Return the full set of entries precisely. Do not carry over any pictures.
**********
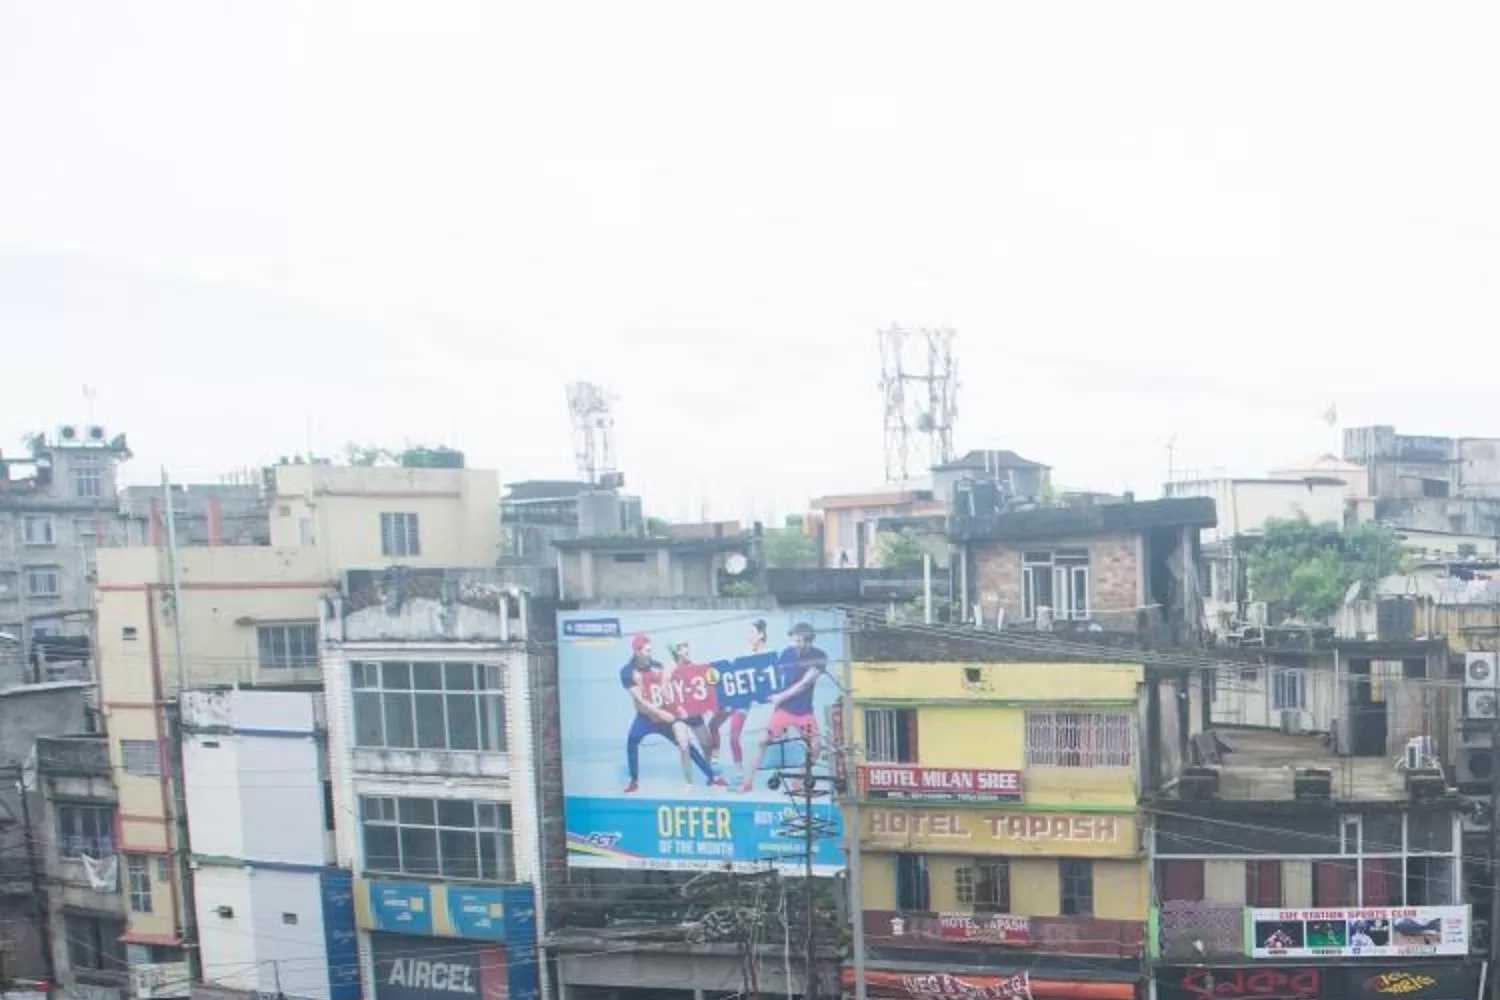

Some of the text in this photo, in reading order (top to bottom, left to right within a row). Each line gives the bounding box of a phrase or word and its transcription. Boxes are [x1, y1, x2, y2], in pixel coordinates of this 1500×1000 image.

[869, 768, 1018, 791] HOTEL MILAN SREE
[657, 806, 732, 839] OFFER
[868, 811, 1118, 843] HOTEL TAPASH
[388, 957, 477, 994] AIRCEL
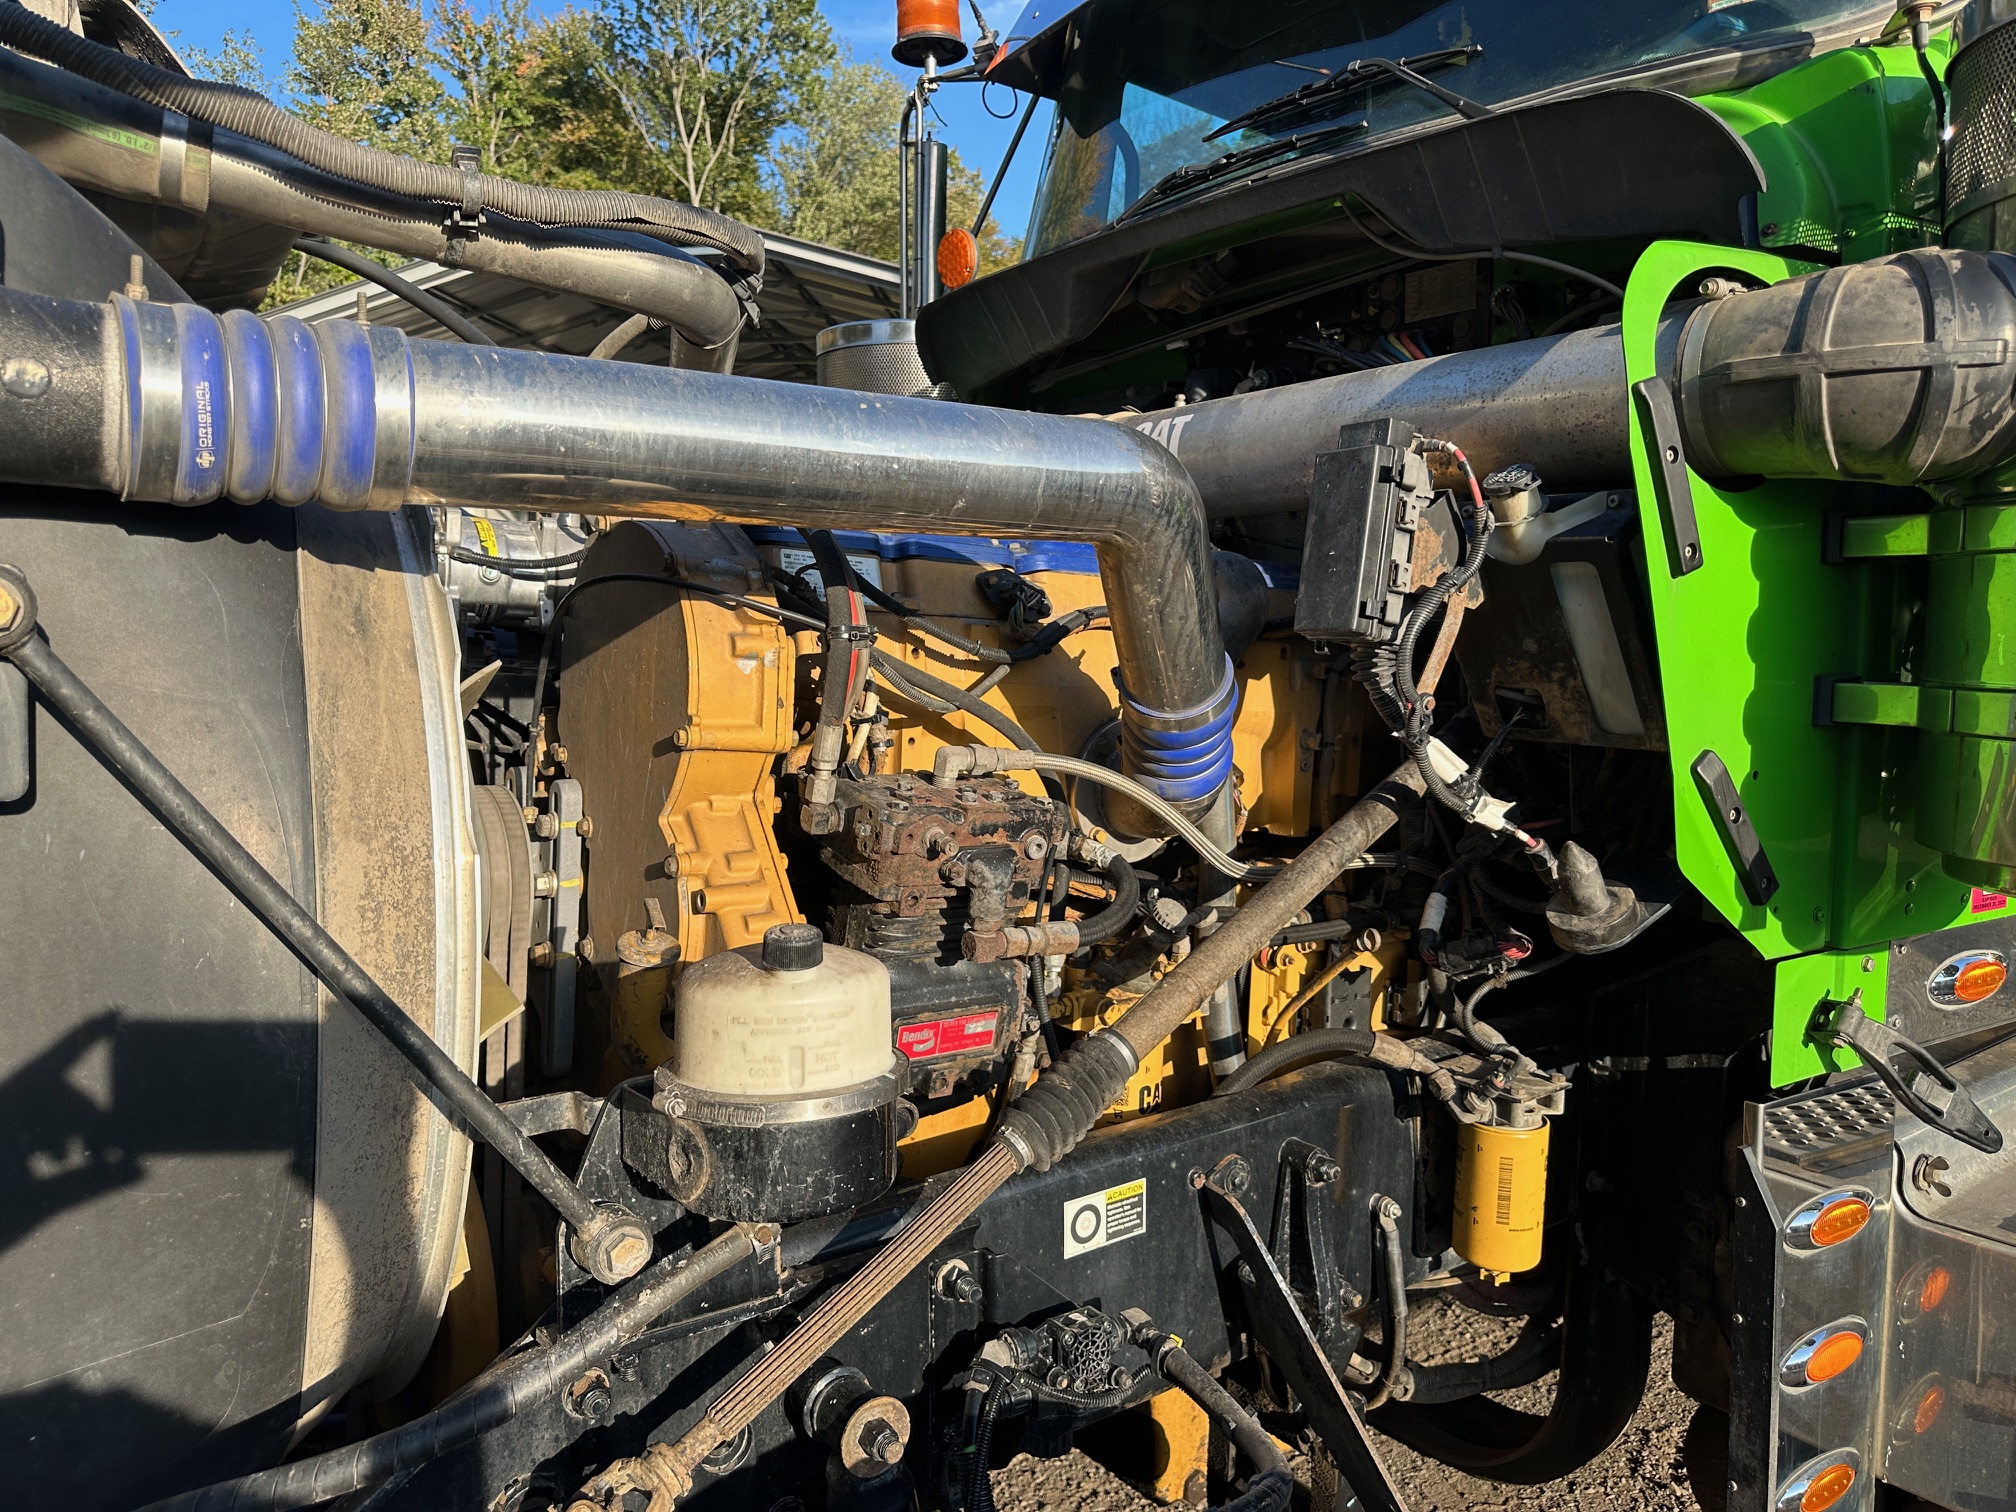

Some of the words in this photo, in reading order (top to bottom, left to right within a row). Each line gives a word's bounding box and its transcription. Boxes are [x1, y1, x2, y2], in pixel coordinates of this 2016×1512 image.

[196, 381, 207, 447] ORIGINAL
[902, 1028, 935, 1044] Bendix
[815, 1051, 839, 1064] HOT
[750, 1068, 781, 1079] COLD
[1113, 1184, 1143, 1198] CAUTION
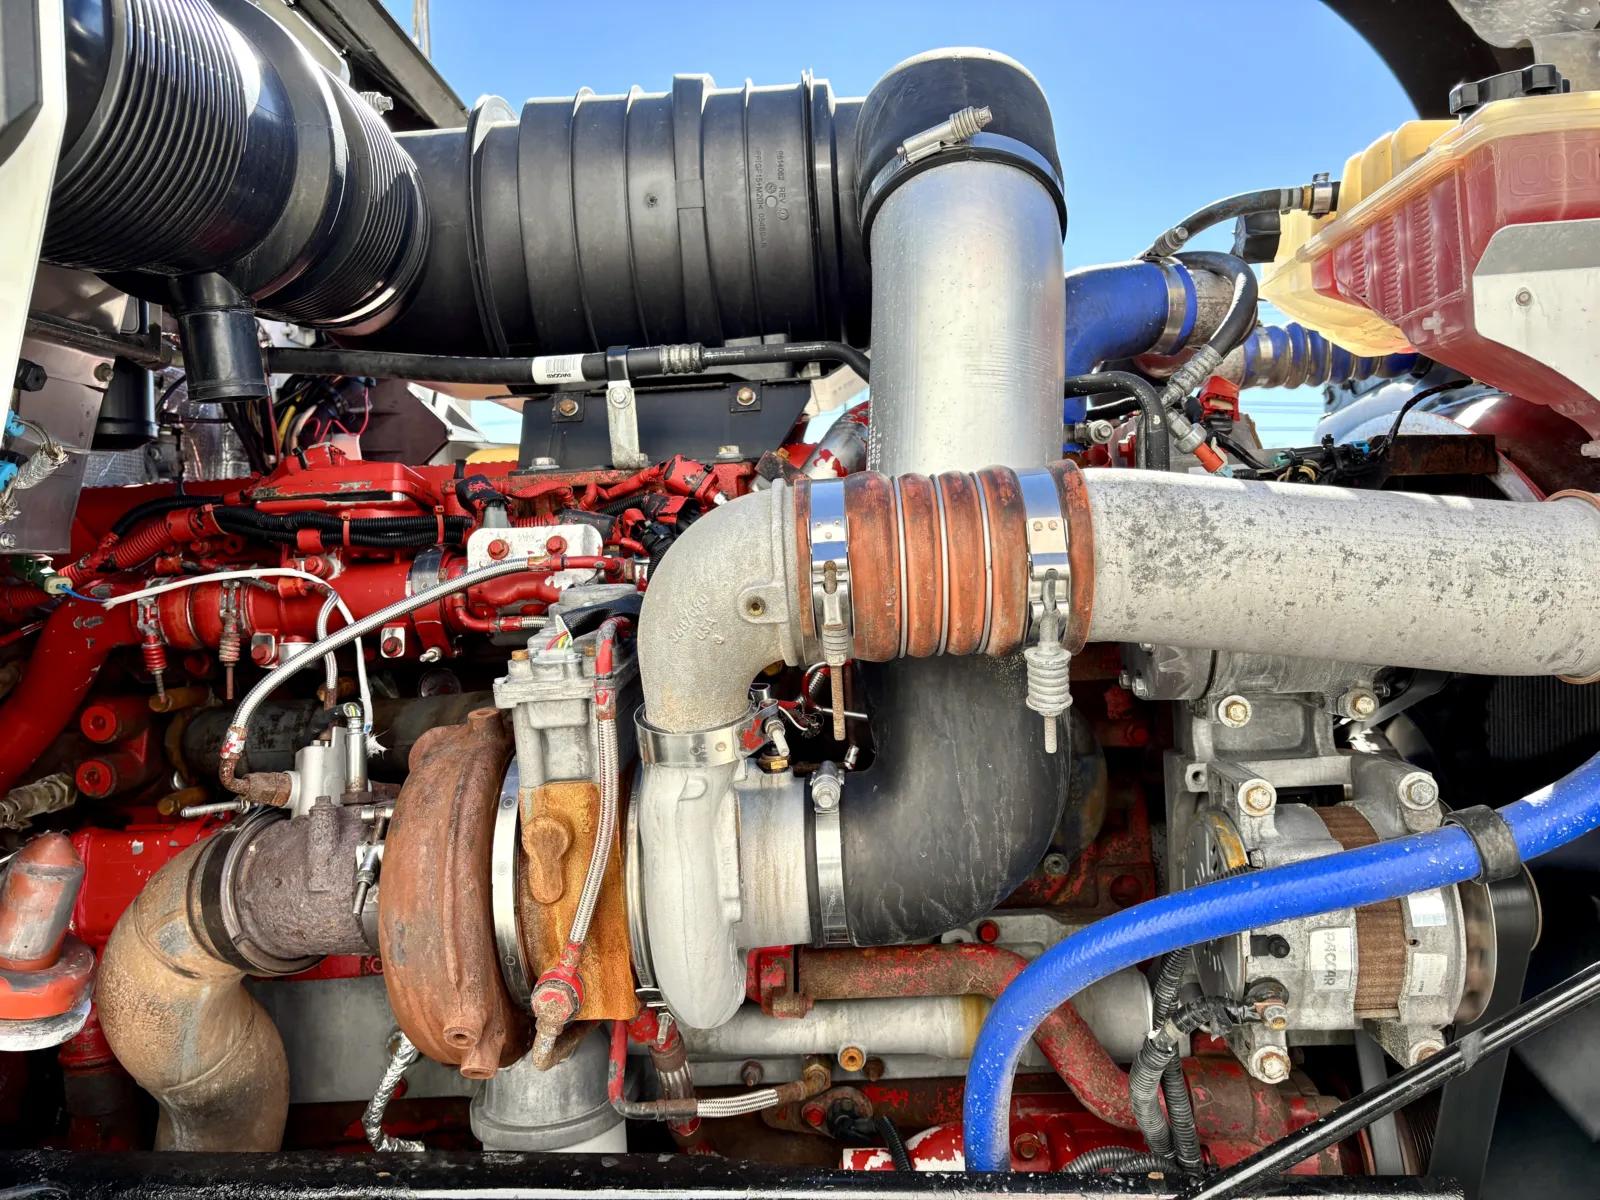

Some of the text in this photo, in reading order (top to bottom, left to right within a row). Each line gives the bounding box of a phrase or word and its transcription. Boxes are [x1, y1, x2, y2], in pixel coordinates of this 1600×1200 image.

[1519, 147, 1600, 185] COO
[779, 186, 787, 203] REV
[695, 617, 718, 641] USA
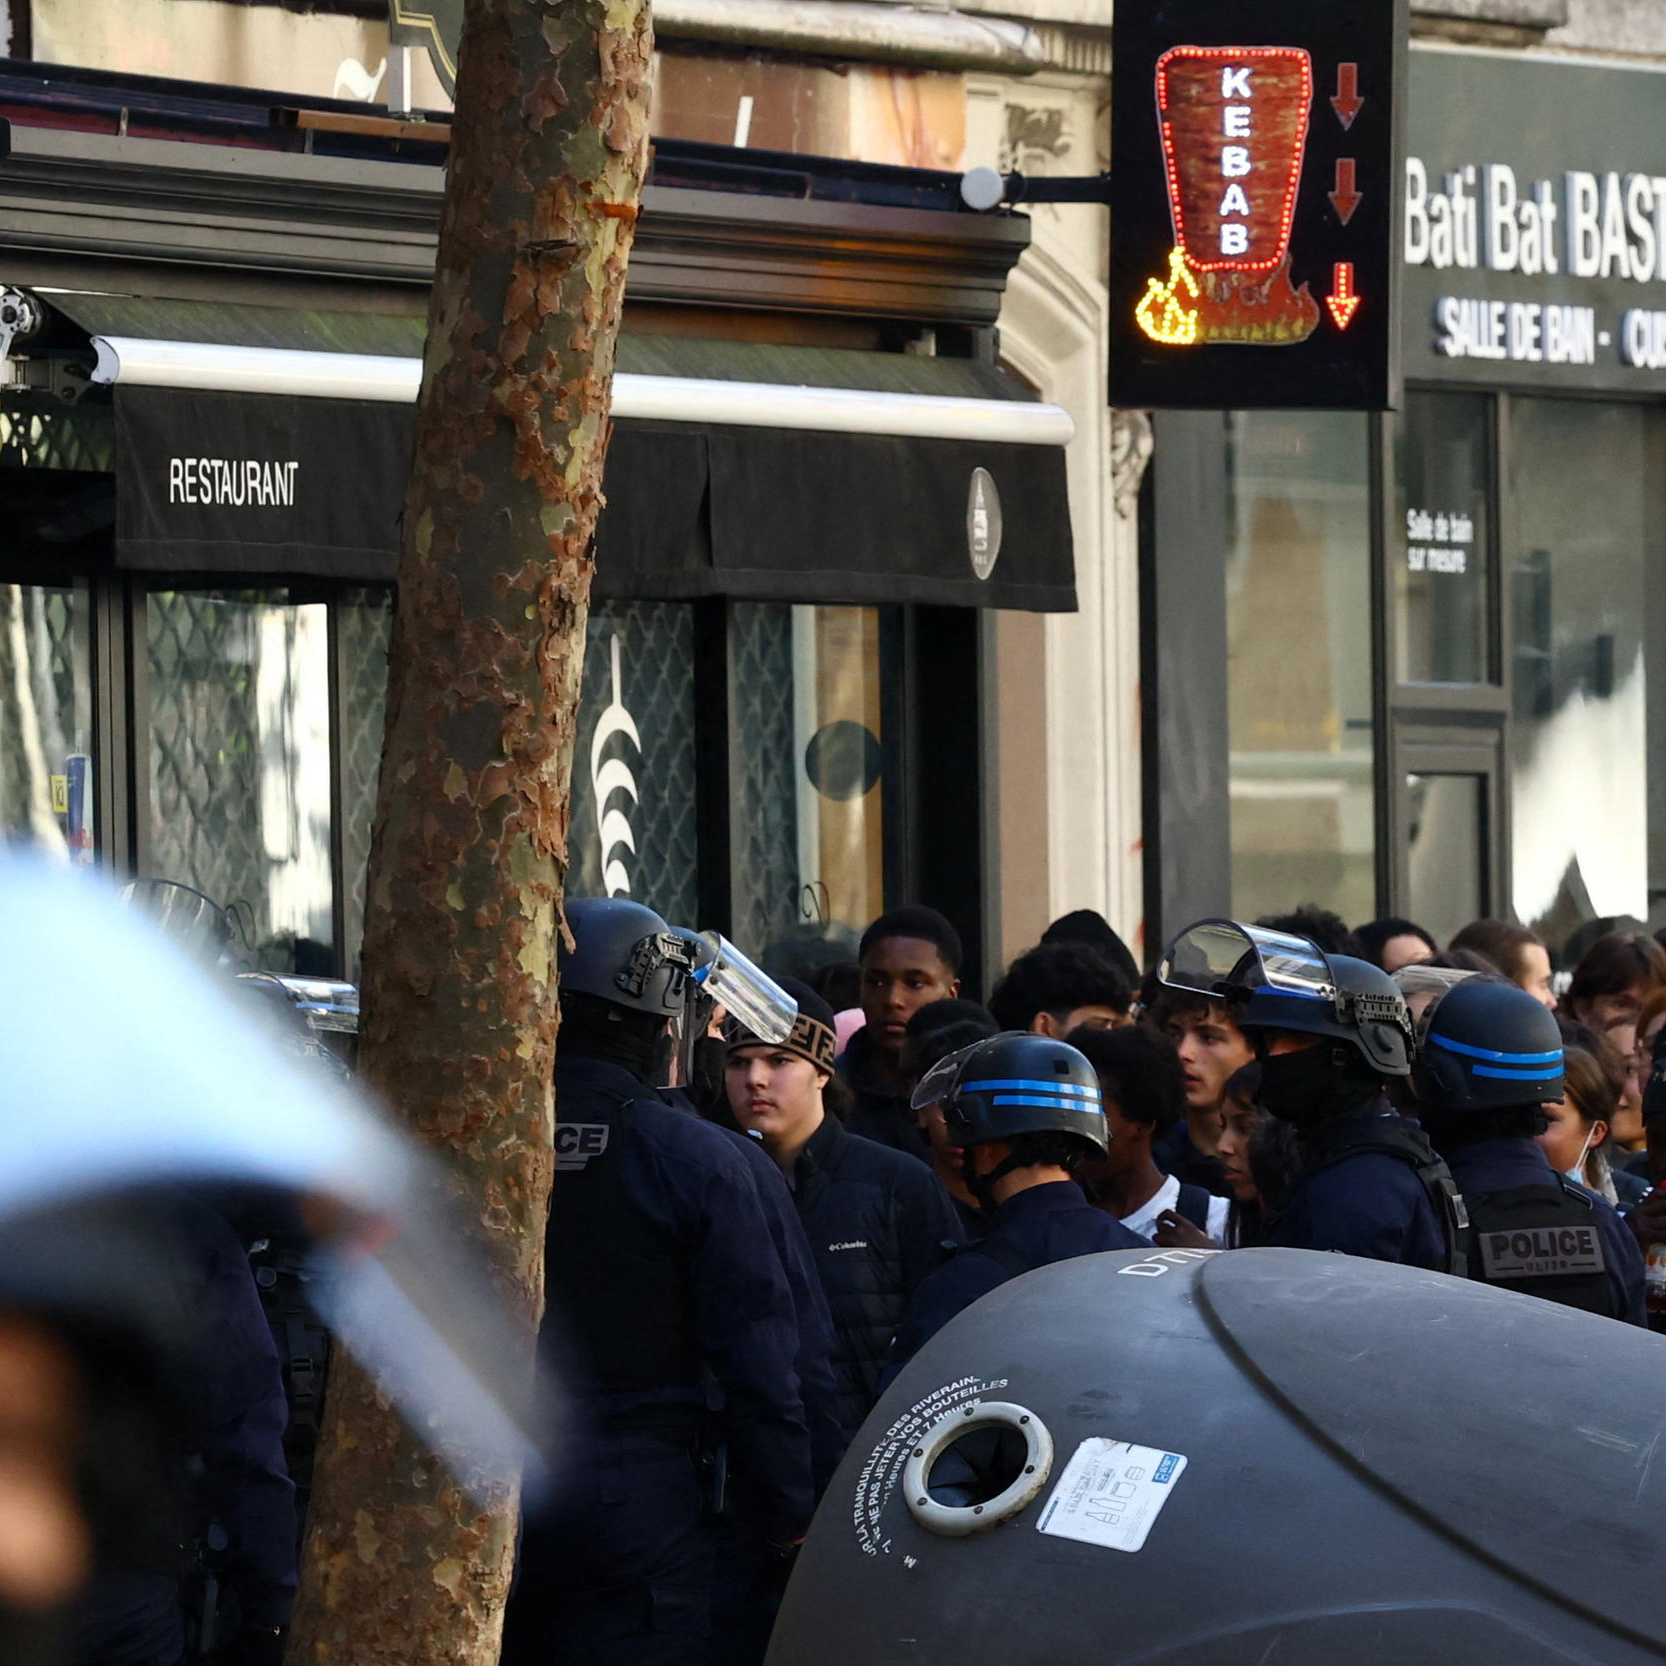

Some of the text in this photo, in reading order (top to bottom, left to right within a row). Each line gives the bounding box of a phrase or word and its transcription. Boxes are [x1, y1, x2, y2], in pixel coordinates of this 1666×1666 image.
**********
WRITTEN SOLUTION:
Some of the text in this photo, in reading order (top to bottom, left to right within a row). Each line gives the bounding box of a phrase or word and its transcription. Boxes are [x1, y1, x2, y2], in pixel coordinates of this 1500×1000 image.

[869, 768, 1018, 791] HOTEL MILAN SREE
[657, 806, 732, 839] OFFER
[868, 811, 1118, 843] HOTEL TAPASH
[388, 957, 477, 994] AIRCEL

Some of the words in this photo, in reading order (top to bottom, left to right within a row). Each line gives a word's bounding box and its transcription. Boxes are [x1, y1, x2, y2], in pixel coordinates of this 2016×1512 image.

[196, 381, 207, 447] ORIGINAL
[902, 1028, 935, 1044] Bendix
[815, 1051, 839, 1064] HOT
[750, 1068, 781, 1079] COLD
[1113, 1184, 1143, 1198] CAUTION

Some of the text in this photo, in reading order (top to bottom, left to right within a row). Each line gives the bounding box of a phrase or word and its transcription. Boxes are [x1, y1, x2, y2], in pixel coordinates of this 1600×1200 image.

[1519, 147, 1600, 185] COO
[779, 186, 787, 203] REV
[695, 617, 718, 641] USA

Some of the text in this photo, in reading order (top to bottom, left to right within a row). Each line gives the bounding box of a phrase or word and its transcription. Boxes are [x1, y1, x2, y2], in pixel coordinates of this 1666×1666 image.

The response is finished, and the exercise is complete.